"Educators know that it is very difficult to get consistently good results in schools characterized by high concentrations of poverty," Herbert writes. "The best teachers tend to avoid such schools. Expectations regarding student achievement are frequently much lower, and there are lower levels of parental involvement. These, of course, are the very schools in which so many black and Hispanic children are enrolled."
If you live in South Carolina and still haven't seen "Corridor of Shame," Bud Ferillo's award-winning documentary film about the "corridor of shame" along our state's section of Interstate 95, I'm sure you can still buy a copy. I fully expected Herbert's column to refer abundantly to the film, but maybe he hasn't seen it yet.
Still, he rang many of the film's themes in his text:
Breaking up these toxic concentrations of poverty would seem to be a logical and worthy goal. Long years of evidence show that poor kids of all ethnic backgrounds do better academically when they go to school with their more affluent -- that is, middle class -- peers. But when the poor kids are black or Hispanic, that means racial and ethnic integration in the schools. Despite all the babble about a postracial America, that has been off the table for a long time.
More than a half-century after the landmark Brown v. Board of Education school desegregation ruling, we are still trying as a country to validate and justify the discredited concept of separate but equal schools -- the very idea supposedly overturned by Brown v.
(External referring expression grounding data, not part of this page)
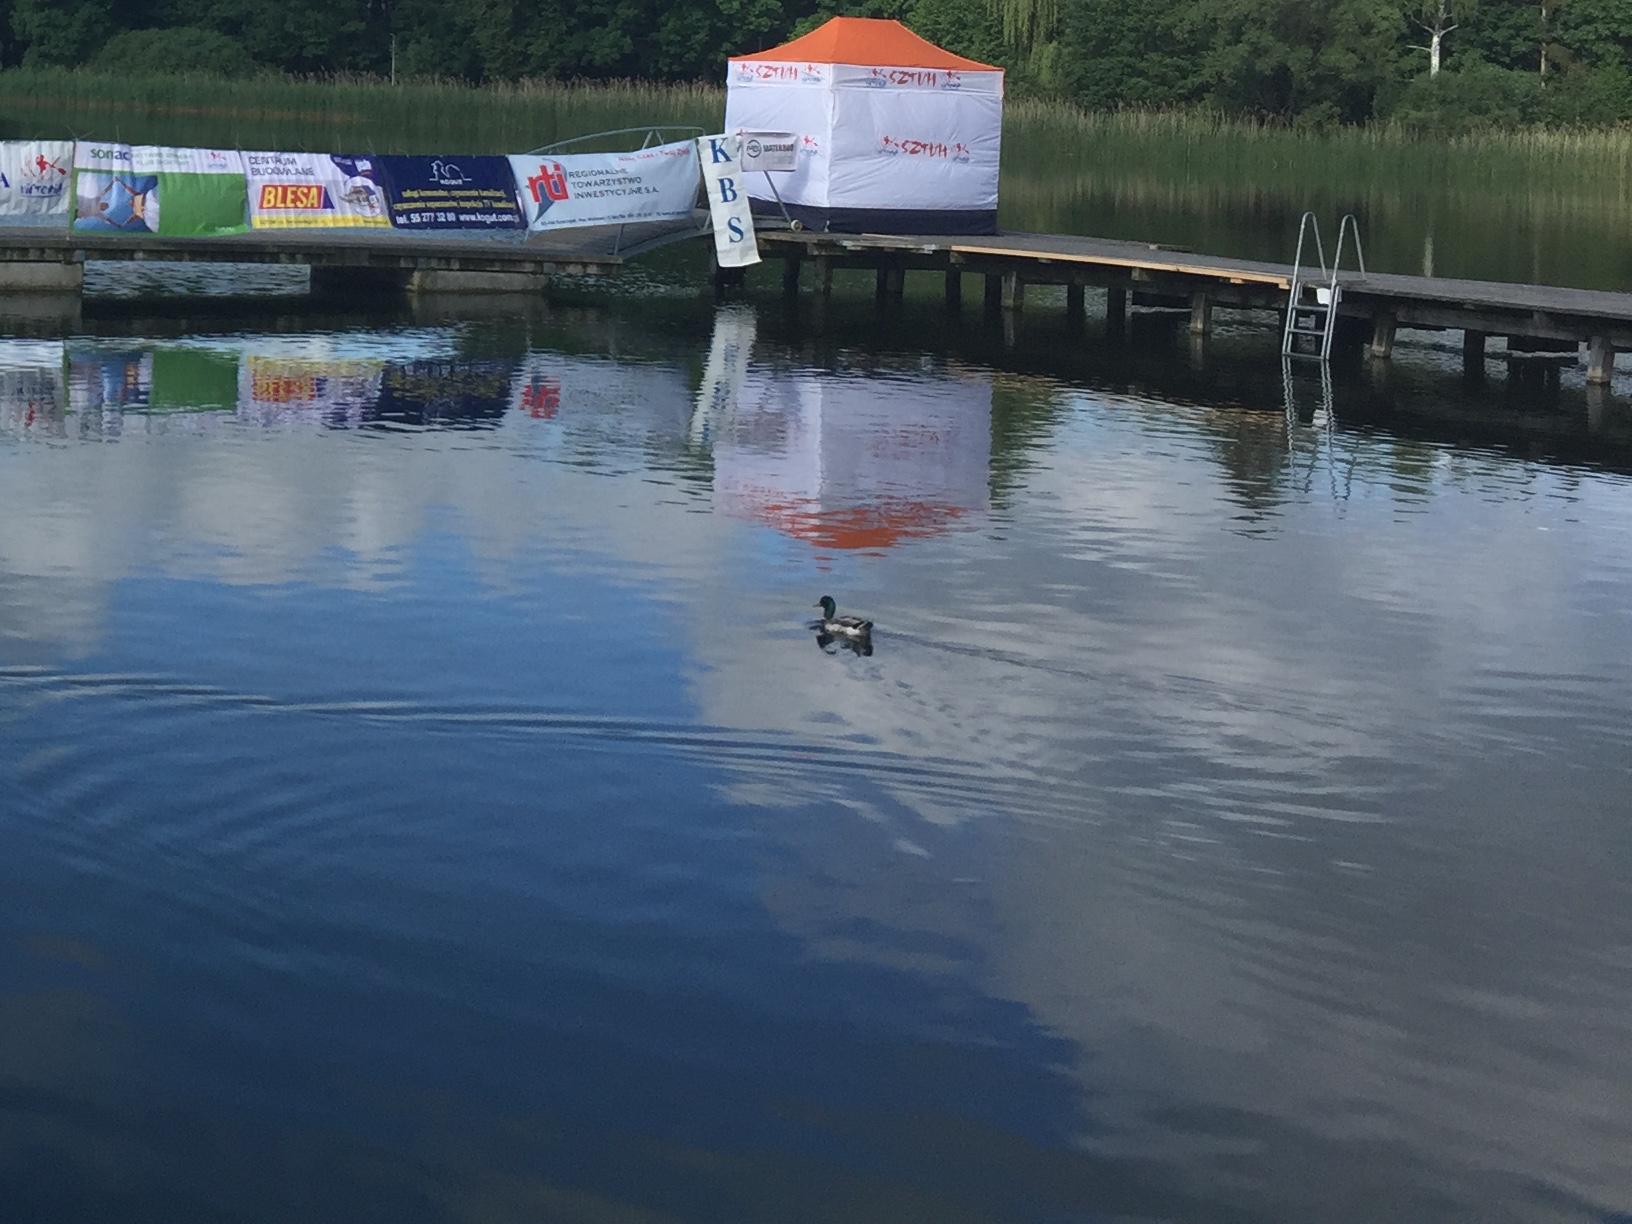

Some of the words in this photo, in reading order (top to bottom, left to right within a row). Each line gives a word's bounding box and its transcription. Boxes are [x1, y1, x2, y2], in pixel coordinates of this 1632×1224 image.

[90, 147, 131, 162] sonac
[248, 156, 297, 166] CENTRUM
[251, 167, 315, 176] BUDOWLANE
[568, 168, 629, 178] REGIONALNE
[527, 161, 569, 203] rti
[571, 176, 642, 188] TOWARZYSTWO
[262, 186, 319, 209] BLESA
[574, 187, 644, 200] INWESTYCYJNE
Board when it declared, "Separate educational facilities are inherently unequal."
Schools are no longer legally segregated, but because of residential patterns, housing discrimination, economic disparities and long-held custom, they most emphatically are in reality.
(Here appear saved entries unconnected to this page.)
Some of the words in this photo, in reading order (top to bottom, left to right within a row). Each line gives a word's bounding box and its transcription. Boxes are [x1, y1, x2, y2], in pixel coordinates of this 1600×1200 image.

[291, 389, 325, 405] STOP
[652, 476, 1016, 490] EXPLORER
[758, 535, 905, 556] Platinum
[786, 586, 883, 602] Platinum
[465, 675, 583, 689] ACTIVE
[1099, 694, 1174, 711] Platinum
"Ninety-five percent of education reform is about trying to make separate schools for rich and poor work, but there is very little evidence that you can have success when you pack all the low-income students into one particular school," said Richard Kahlenberg, a senior fellow at the Century Foundation who specializes in education issues.
Read that again: Kahlenburg says, "Ninety-five percent of education reform is about trying to make separate schools for rich and poor work, but there is very little evidence that you can have success when you pack all the low-income students into one particular school." What part of that sentence doesn't make perfect sense? It's all common sense. But it's part and parcel of our culture here.
Herbert then declares, "If you really want to improve the education of poor children, you have to get them away from learning environments that are smothered by poverty."
I've been re-reading some South Carolina history recently -- I highly recommend it to our elected leaders and, more importantly, their qualified electors. The major themes of our entire past -- from the settlement of Barbadian English at Charles Towne in 1670 to the present day -- have included maintaining separateness among our peoples: Charlestonians withholding power from Upstaters for generations, one race holding another bound and gagged, and "economic royalists" keeping the mass of our families in economic bondage from sharecropping through mill villages to the present-day "right-to-work-for-less." The notion of keeping ourselves stratified and separate is so ingrained in our culture that our leaders convulse at the thought of taking children out of poverty and guaranteeing them opportunities to thrive. One such convulsion taught us the phrase "minimally-adequate education." Is there anywhere else in America that "minimally-adequate education" is used to describe a state's goal?
Studies have shown that it is not the race of the students that is significant, but rather the improved all-around environment of schools with better teachers, fewer classroom disruptions, pupils who are more engaged academically, parents who are more involved, and so on. The poorer students benefit from the more affluent environment. "It's a much more effective way of closing the achievement gap," said Mr. Kahlenberg.
About 80 school districts across the country are taking steps to reduce the concentrations of poverty in their schools. But there is no getting away from the fact that if you try to bring about economic integration, you're also talking about racial and ethnic integration, and that provokes bitter resistance. The election of Barack Obama has not made true integration any more palatable to millions of Americans.
...
It's difficult, but there are ways to sidestep the politics. What I think is a shame is that we have to do all of this humiliating dancing around the perennially uncomfortable issue of race. We pretend that no one's a racist anymore, but it's easier to talk about pornography in polite company than racial integration. Everybody's in favor of helping poor black kids do better in school, but the consensus is that those efforts are best confined to the kids' own poor black neighborhoods.
Separate but equal. The Supreme Court understood in 1954 that it would never work. But our perpetual bad faith on matters of race keeps us trying.